Jadi Vaksin Corona RI, Pakai Cara Lama atau Baru Nih?

Jakarta, CNBC Indonesia - Kandidat vaksin Covid-19 yang dikembangkan saat ini ada yang dengan platform lama atau konvensional ada juga yang baru. RI tengah mengembangkan vaksin dengan kedua platform tersebut.
Dalam pengembangan vaksin, Bio Farma menggandeng perusahaan farmasi asal China bernama Sinovac. Kandidat vaksin Sinovac yang diberi nama CoronaVac saat ini sedang menjalani tahap uji klinis tahap akhir di Indonesia.
CoronaVac menggunakan platform teknologi gaya lama karena kandidat vaksin ini adalah virus SARS-CoV-2 yang telah diinaktifkan. Ketika virus diinaktifkan, maka kemampuannya untuk menginfeksi menjadi tidak ada tetapi masih mampu memicu respons kekebalan tubuh.
Selain Bio Farma, ada juga konsorsium vaksin lokal yang dipimpin oleh Lembaga Biologi Molekuler Eijkman. Konsorsium ini juga melibatkan perusahaan farmasi pelat merah Bio Farma. Hanya saja proyek pengembangan vaksinnya berbeda.

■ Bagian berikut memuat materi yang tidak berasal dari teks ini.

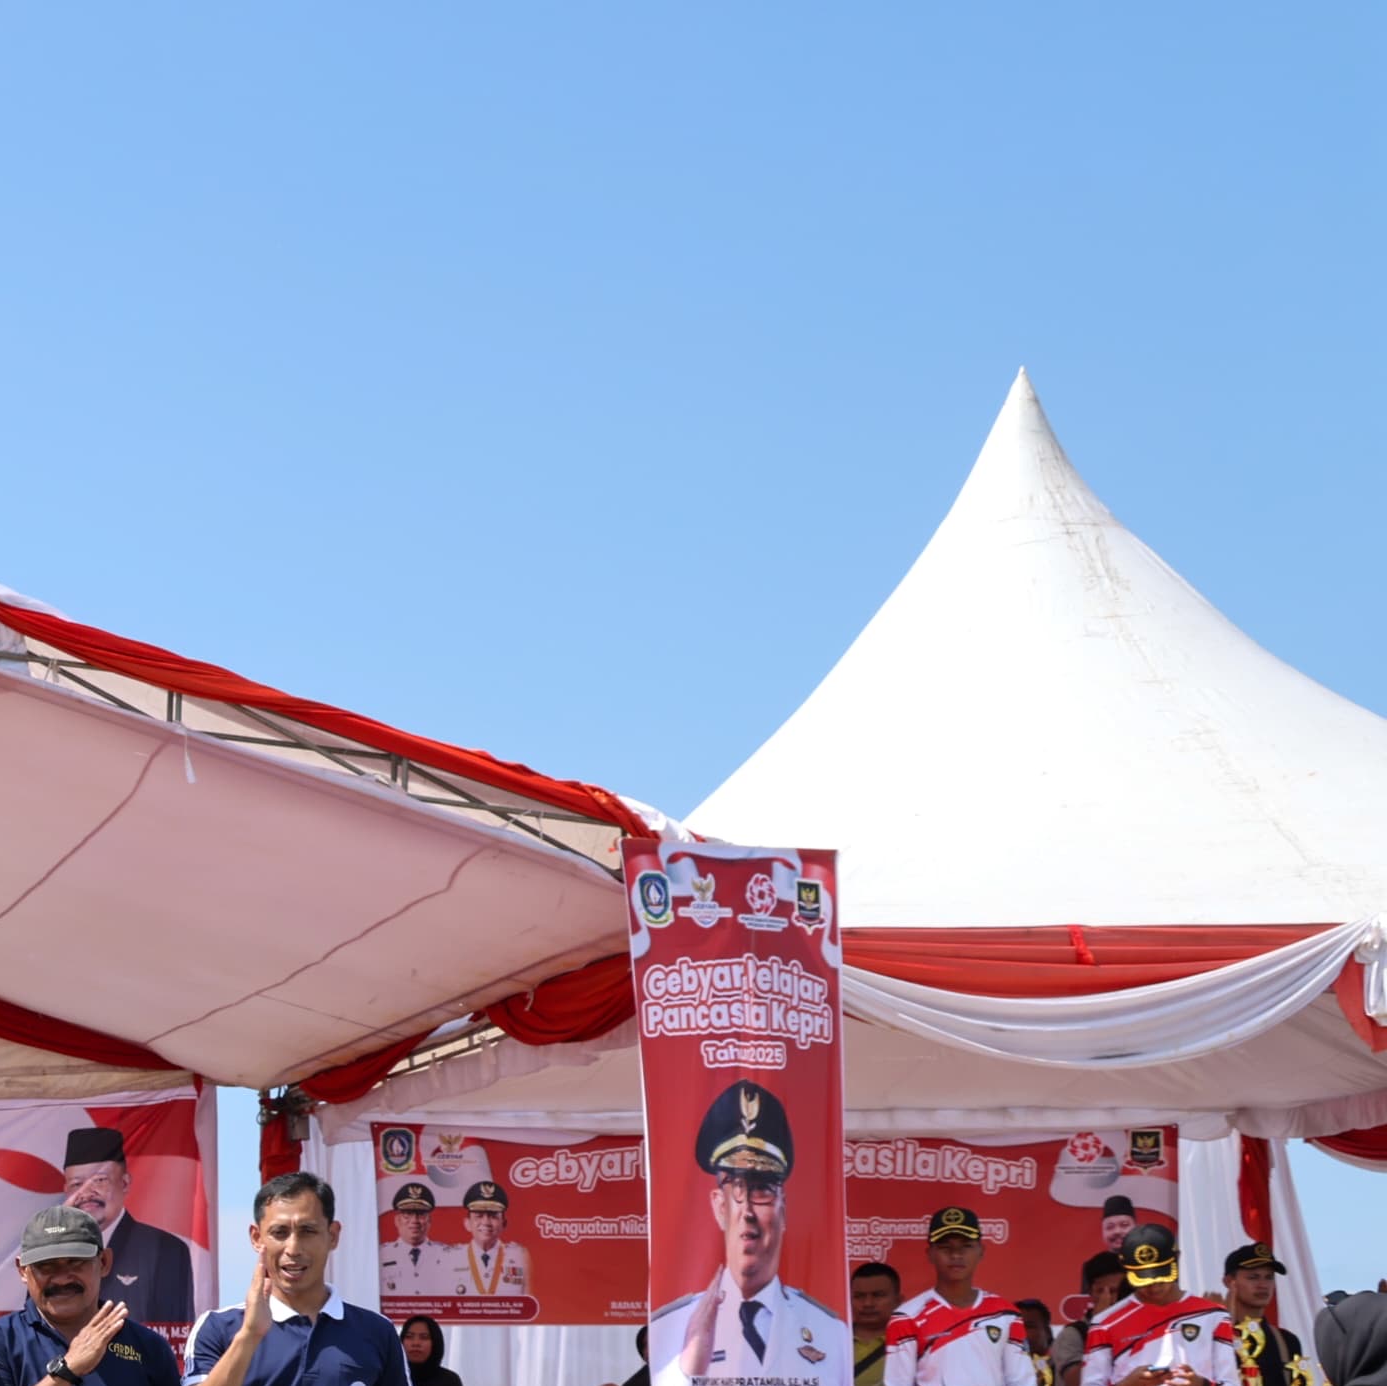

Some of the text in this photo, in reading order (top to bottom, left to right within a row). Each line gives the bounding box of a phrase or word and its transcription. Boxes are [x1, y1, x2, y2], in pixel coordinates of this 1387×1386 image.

[647, 958, 744, 996] Gebyar
[772, 1002, 829, 1045] Kepri
[749, 1048, 783, 1063] 2025
[514, 1152, 635, 1189] Gebyar
[944, 1148, 1034, 1190] Kepri
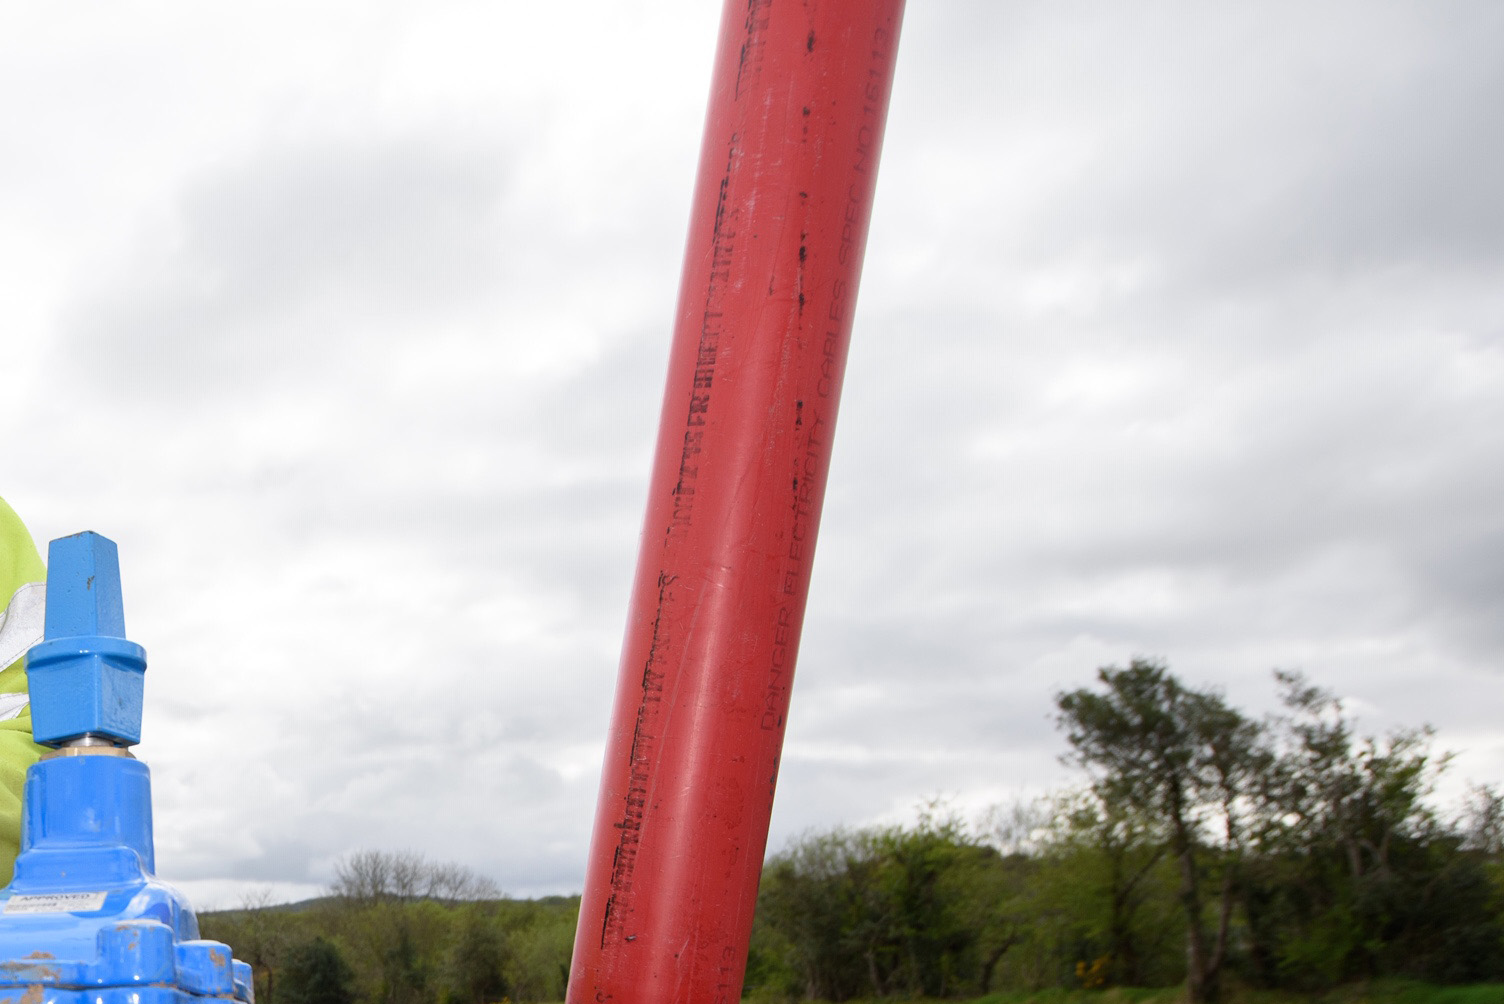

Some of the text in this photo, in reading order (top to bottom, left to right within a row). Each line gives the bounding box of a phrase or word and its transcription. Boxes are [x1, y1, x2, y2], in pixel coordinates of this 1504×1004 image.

Selain proyeknya berbeda, platform yang digunakan untuk kandidat vaksinnya pun berbeda. Konsorsium vaksin LBM Eijkman menggunakan pendekatan protein rekombinan untuk membuat vaksin yang diberi nama Merah Putih itu.
Artinya jika kandidat vaksin Sinovac menggunakan virus utuh, maka kandidat vaksin Merah Putih menggunakan bagian dari virus saja yang disebut antigen. Hal ini pun diungkapkan oleh Profesor Amin Soebandrio dari LBM Eijkman.
"Perbedaan utamanya adalah platformnya. Kalau Sinovac menggunakan satu virus kemudian diperbanyak di lab lalu virus itu dipisahkan dan dilakukan inaktivasi (inactivated vaccine) setelah itu diformulasikan agar aman bagi manusia. Jadi vaksin yang diberikan adalah keseluruhan virus," kata Direktur LBME, Prof Amin Soebandrio, dalam webinar yang diselenggarakan Society of Indonesian Science Journalist, Minggu (8/8/2020), mengutip detikcom.
"Kalau Merah Putih adalah sub unitnya. Tidak seluruh virusnya, hanya bagian-bagian tertentu dari virus yang dianggap penting kemudian diperbanyak dan dijadikan antigen," tuturnya.
Vaksin Merah Putih sendiri dijadwalkan bisa menyelesaikan uji coba pada hewan di akhir tahun 2020. Setelah uji hewan efektif, bibit dari vaksin ini nantinya akan diserahkan ke Bio Farma untuk dilakukan uji praklinis dan klinis.
Bio Farma sebagai perusahaan manufaktur vaksin dalam negeri menargetkan produksi vaksin Merah Putih akan rampung pada 2022. Bio Farma memiliki kemampuan ntuk memproduksi vaksin dengan teknologi protein rekombinan.
Hal ini dibuktikan dengan produksi vaksin Hepatitis B generasi kedua yang menggunakan platform tersebut. Vaksin ini hasil jerih payah konsorsium Hepatitis nasional yang terdiri dari Bio Farma, Lembaga Eijkman, Pusat Teknologi Farmasi dan Medika BPPT, and ITB.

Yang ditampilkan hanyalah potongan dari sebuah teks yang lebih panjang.